Founded in 1946 by Walter Paepcke, it operates the Aspen/Snowmass resort complex, comprising four ski areas near the town of Aspen. The history of the company has in many ways paralleled, reflected, refracted entertained and tormented the inhabitants of the former silver town hamlet. Born out of the imagination of a cadre of World War II veterans, they hoped to create a skiing wonderland nestled deep in rural Colorado. The company didn't pay dividends until it was bought by Twentieth Century Fox, which is when the ticket prices began to soar. In the 1970s, ticket prices were just over 10 dollars a day; now, they are more than 100 dollars a day; season passes are nearly 2000.[1]
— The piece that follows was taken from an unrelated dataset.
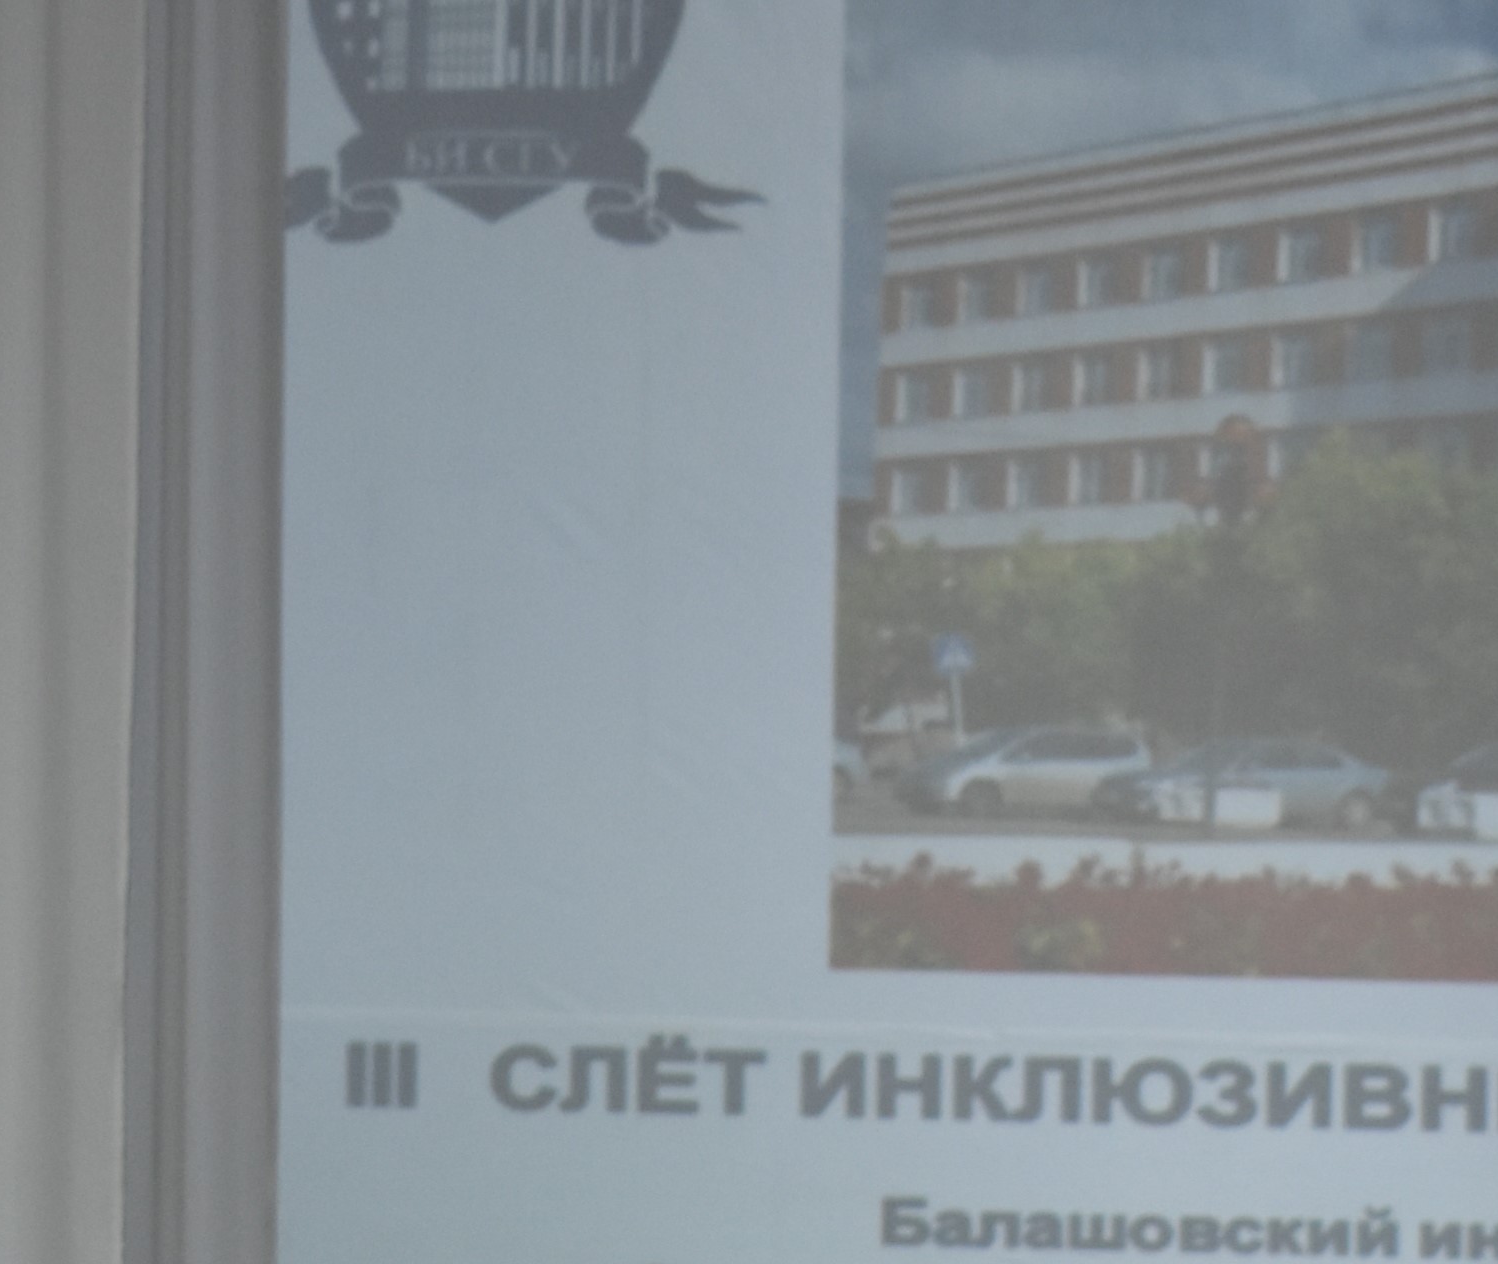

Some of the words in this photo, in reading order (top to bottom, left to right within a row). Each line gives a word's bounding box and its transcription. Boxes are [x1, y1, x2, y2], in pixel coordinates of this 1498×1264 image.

[346, 1042, 418, 1109] III
[491, 1035, 767, 1116] СЛЁТ
[882, 1197, 1398, 1257] Балашовский
Paepcke, a successful Chicago industrialist, founded the company as part of a larger effort at turning Aspen, a somewhat forgotten silver mining town, into an idyllic center for the advancement of the body, mind, and Spirit. As part of the larger effort, Paepcke also founded other cultural institutions such as the Aspen Institute and the Aspen Music Festival. The Aspen Skiing Company established the Aspen Mountain ski resort on Aspen Mountain above the town of Aspen, Colorado. The first chair lift, Lift-1, opened on December 14, 1946, and was the world's longest chairlift at the time. In 1950, the company hosted the FIS World Alpine Championships, the first international skiing competition in the United States. In the following decades, the company opened Buttermilk in 1958 and the Snowmass (originally the Snowmass-at-Aspen Ski Area) in 1967. In 1993 the company assumed ownership and operation of Aspen Highlands, which was founded in 1958 by Colorado Ski Hall of Famer: Whip Jones. Previously, Jones successfully sued Aspen Skiing before the Supreme Court for antitrust violations in Aspen Skiing Co. v. Aspen Highlands Skiing Corp.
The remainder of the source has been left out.